THE sordid and shocking record of the targeting and prosecution of Muslim youth being falsely accused in terror related cases has once again been highlighted by the Delhi High Court’s acquittal of all the three accused in the 2005 serial blasts in Delhi. Two men Mohammad Hussain Fazli and Mohd Rafiq Shah were acquitted of all charges by the Court, while Tariq Ahmed Dar was also found to have no role in the blasts but he was convicted for being a member of a terrorist organisation.

By this biased and communally motivated police investigation, the net result has been that the perpetrators of the terror attacks which killed 67 persons in Delhi remain untraced. This is rightly causing great anguish to the families of the victims.

It has taken 12 long years for Fazli and Rafiq Shah to gain freedom, years in which they suffered police torture and prolonged incarceration.
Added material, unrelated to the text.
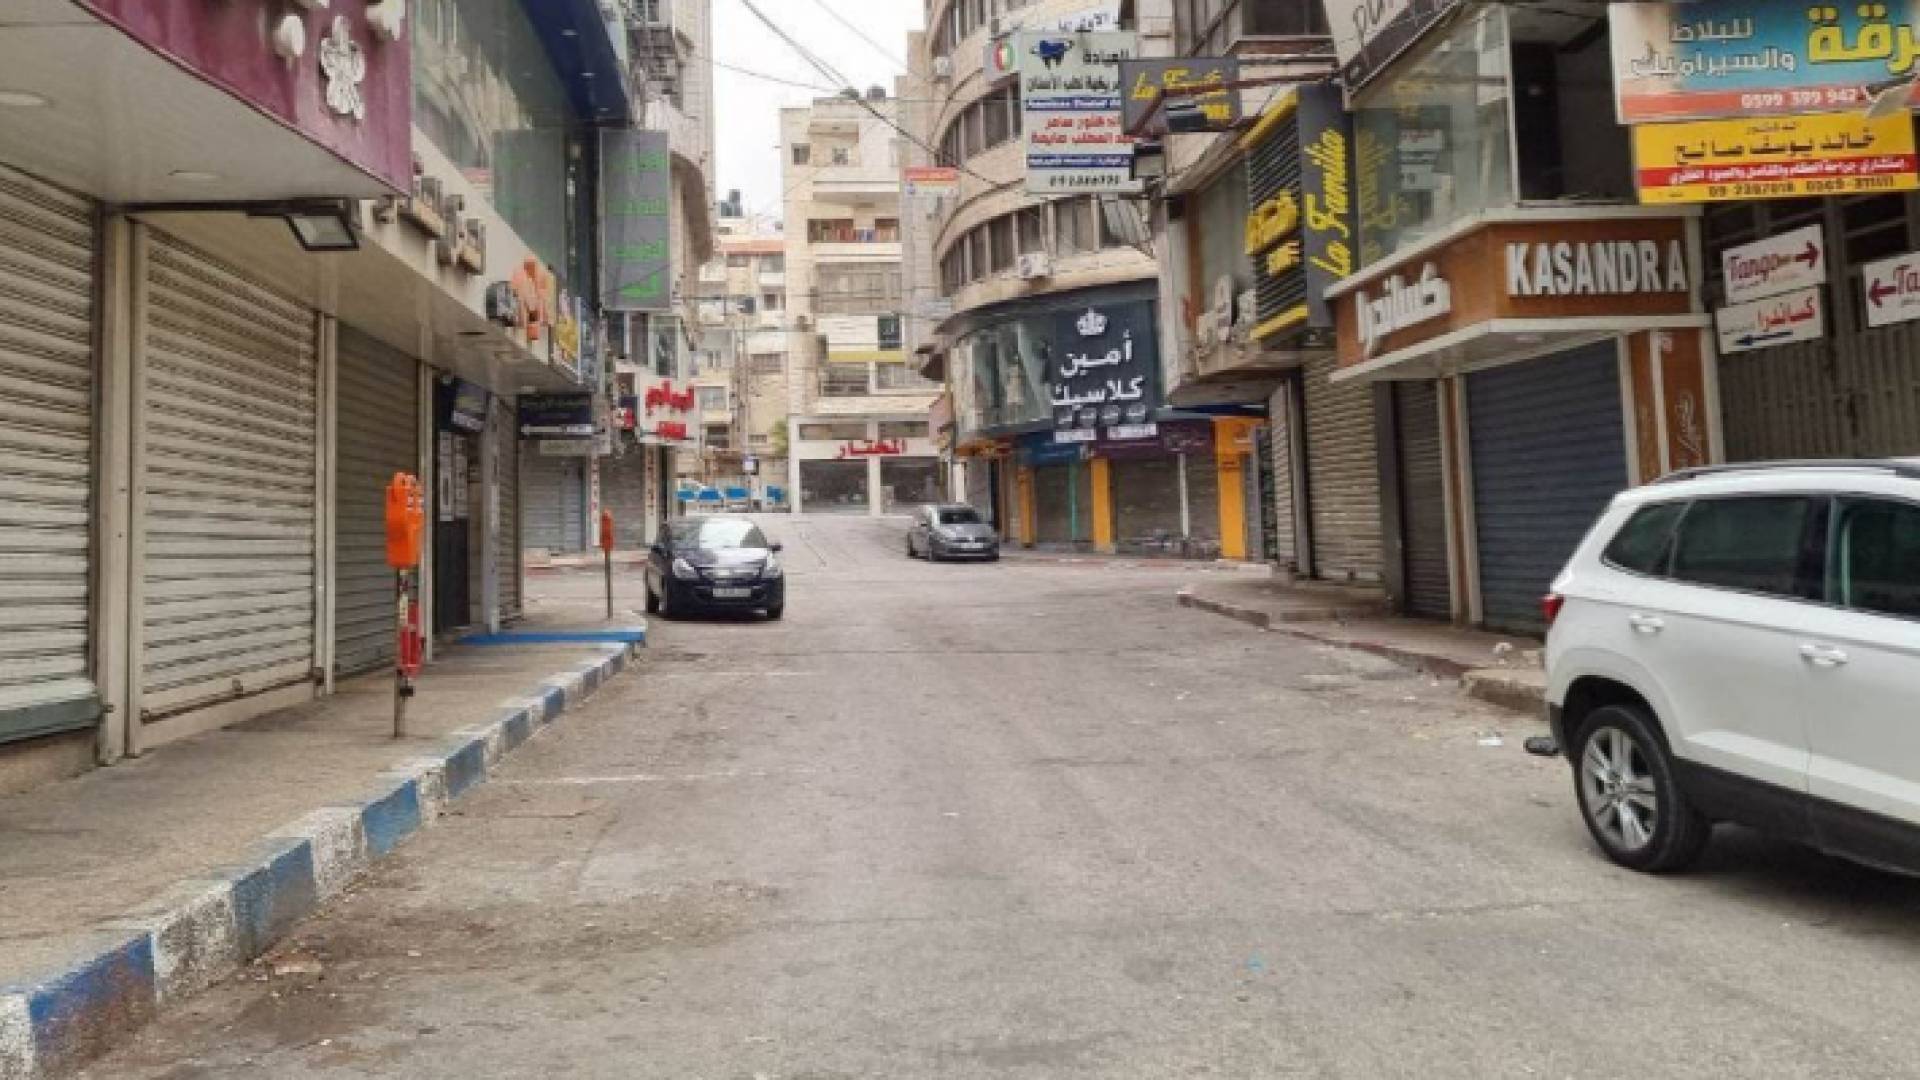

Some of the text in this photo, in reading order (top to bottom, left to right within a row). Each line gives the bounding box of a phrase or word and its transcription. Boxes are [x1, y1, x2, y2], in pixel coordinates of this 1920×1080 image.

Behind this miscarriage of justice lies a trail of brutal police torture, concocted evidence and suppression of facts which establish the innocence of the accused. For instance, 22 year old Rafiq Shah was a student of Kashmir University and was attending classes in Srinagar on the day the blast occurred in Delhi. The letter written by the registrar of the Kashmir University confirming his presence in class from the attendance record was deliberately suppressed by the police. The judgment of the Court is an indictment of the Delhi Police Special Cell which fabricated the case and perpetuated this atrocity on innocent people.

The acquittal in the Delhi blast case comes in the wake of a series of acquittals in terror related cases in the past one and a half decade. The judicial verdicts have shown how there is a pattern of rounding up innocent Muslim youth and charging them whenever a terrorist blast occurred. The police investigation agencies, particularly the special cells and the anti-terrorism squads have an inbuilt bias against Muslim youth; Kashmiri Muslim youth are particularly targeted.

In 2012, the CPI(M) had taken up the cases of 22 Muslim youth who had been discharged or acquitted for being wrongly charged and imprisoned in terror related cases. They included such cases as that of Md Amir from Delhi, who was arrested at the age of 18 and after spending 14 years in jail was acquitted of all charges. Another was Maqbool Shah from Srinagar who was jailed for 14 years and then acquitted.

The CPI(M) had demanded

(i) compensation and rehabilitation for the innocent persons implicated in such cases;

(ii) provision of special courts with time bound procedures to settle cases within a year;

(iii) in cases where there has been fabrication of evidence and biased efforts to implicate innocent persons, action must be taken against those responsible; and

(iv) the draconian provision in the Unlawful Activities Prohibition Act must be removed.

Despite taking up this issue with the government and the president of India, no steps were taken to remedy the situation. With the Delhi High Court’s indictment of the police investigation, a beginning must be made. The guilty police officials in this case must be charged and prosecuted. The State must provide adequate compensation and take steps for the rehabilitation of the two men who have been so unjustly treated.